変な場所から無理して脱出したおかげで、カロリーが極限の僕にはまだまだ足りないんですよ!
「おっと、どうだい? これも食べてみるかい?」
お、これはモンブランかな? ショートケーキにも飽きてきたし、頂きますか。
「はい、頂きます。」
「で、食べ終わってからで良いんだけど、僕らと話をしてくれないかな?」
んー、このアカツキさんは話が判る人のようだ。
「食べ終わってからで良いのでしたら、構いませんよ」
「お、そうかい。 じゃ、待ってるからどんどん食べてくれたまえ」
…………………
2時間後。
「ふー、ご地層様でした。」
「よ、ようやく終わったようだね」
あれ? アカツキさん達、なんか疲れきってるけど大丈夫かな? って、食べ始めてから3時間もたってる!?

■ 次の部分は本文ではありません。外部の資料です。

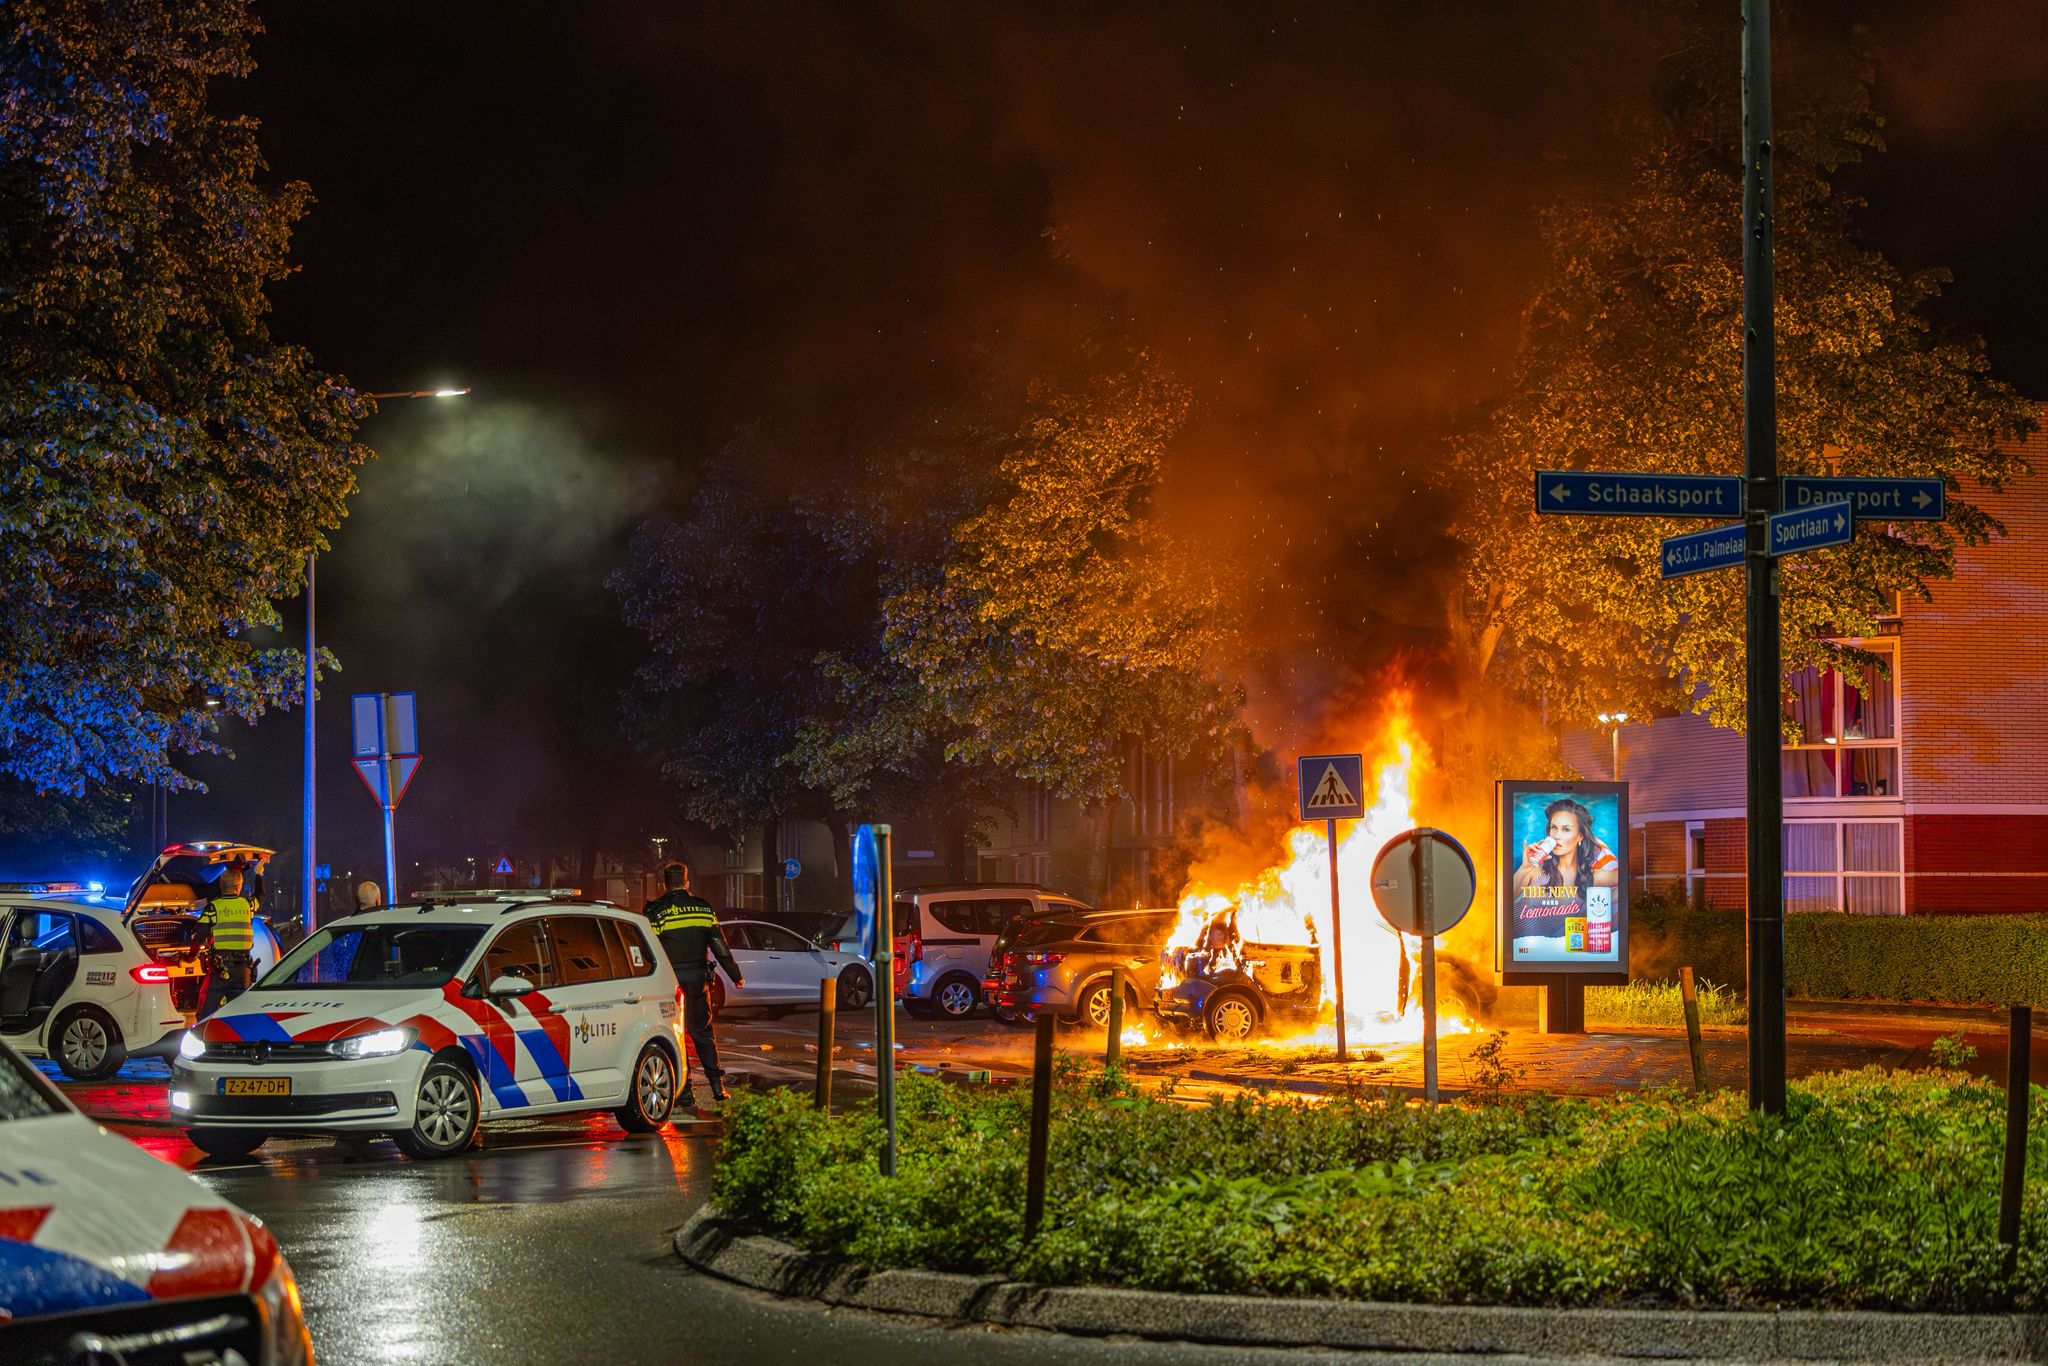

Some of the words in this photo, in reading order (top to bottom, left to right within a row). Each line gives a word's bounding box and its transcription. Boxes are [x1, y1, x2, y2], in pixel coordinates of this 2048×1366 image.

おおう、世界不思議発見!! ケーキを食べるとこんなにも時間が経つものなんだね。 知らなかったよ、僕。
「で、話、良いかな?」
「はい。」
話って何だろう? 僕なんて何処も怪しくない、唯の中学生なのに。
「シンジ君、どうやってここに来たのかな? 僕にはいきなり部屋の中に落ちてきたように思えたんだけど」
ああ、そう言えば、どうやってきたんだっけ? 変な縞々模様の場所から気が付いたらここに落ちてきたんだけど…。
「んー、よく判らない場所にあったスイッチ押して暫くしたら、そこら中が縞々模様に光りだして、気が付いたときにはここにいましたね。」
「よ、よく判らない場所? そこにはどうやっていったんだい?」
「えーと、ナデシコに乗ってて…」
「「ナデシコ!!」」
「シンジ君、ナデシコに乗ってたのかい!?」
何だろう? 変なこと言ったかな? アカツキさん、かなり身を乗り出しているけど。 エリナさんもアカツキさんと見事にハーモニーをかなえてたし。

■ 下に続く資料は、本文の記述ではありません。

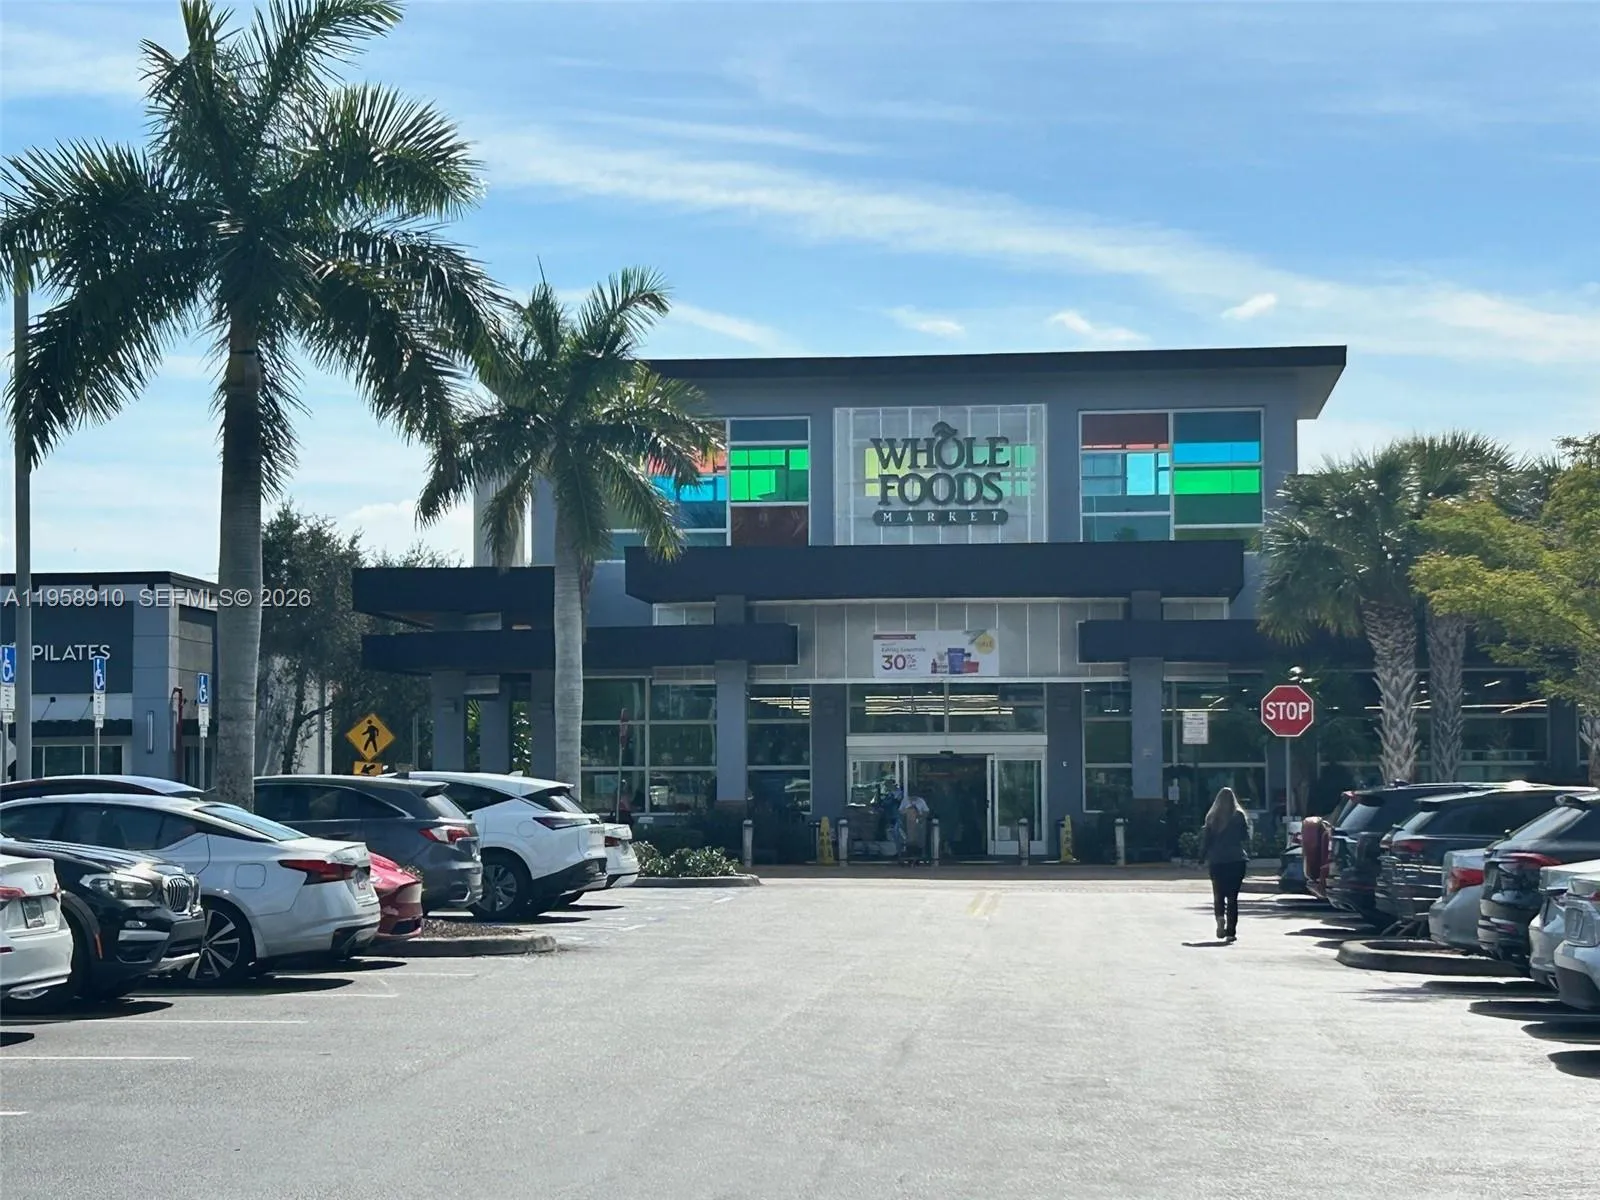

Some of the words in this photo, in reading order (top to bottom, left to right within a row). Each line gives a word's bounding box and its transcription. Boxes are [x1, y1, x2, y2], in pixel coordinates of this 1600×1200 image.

[870, 435, 1010, 470] WHOLE
[878, 472, 1003, 506] FOODS
[882, 511, 999, 522] MARKET
[31, 644, 111, 661] PILATES
[881, 654, 906, 670] 30
[1265, 701, 1310, 720] STOP

「ええ、ちょっとなり行きで乗ることになりまして。 んで、火星でナデシコの中の人達にいじめられたんで、なんていいましたっけ…。 ああ、エステバリス、でしたっけ。 あれで飛び出したら気が付いたらその変な場所にいたんですよ。」
「「…………」」
あれ? 静まり返っちゃった。 どうしたんだろう?
「シンジ君? つかぬこと聞くけど、君って、IFS付けてないよね?」
「なんです? それは?」
IFS? なんだろうそれって?
「こう言うものなんだけど」
アカツキさんが手の甲を僕に見えるように持ち上げて教えてくれた。
「ああ、それ、IFSっていうですか。 僕はそんなのないですよ」
そう言えば、アキトさんとかルリちゃんとか付けてたな。
「は~…。 こりゃ参ったね。 まさかそんなことも聞けるとは…。」
「会長」
エリナさんがいかめつい顔してアカツキさんに何か言おうとしてる。
「ああ、判ってるよ。 シンジ君、すまないけど君を拘束しなくちゃならない。 おとなしく従ってくれるとうれしいんだけど?」
「!?」
こ、拘束だって!! 僕が一体何をやったって言うんだよ! 僕の人生は僕のもの! マイライフは誰にも汚させはしないんだ。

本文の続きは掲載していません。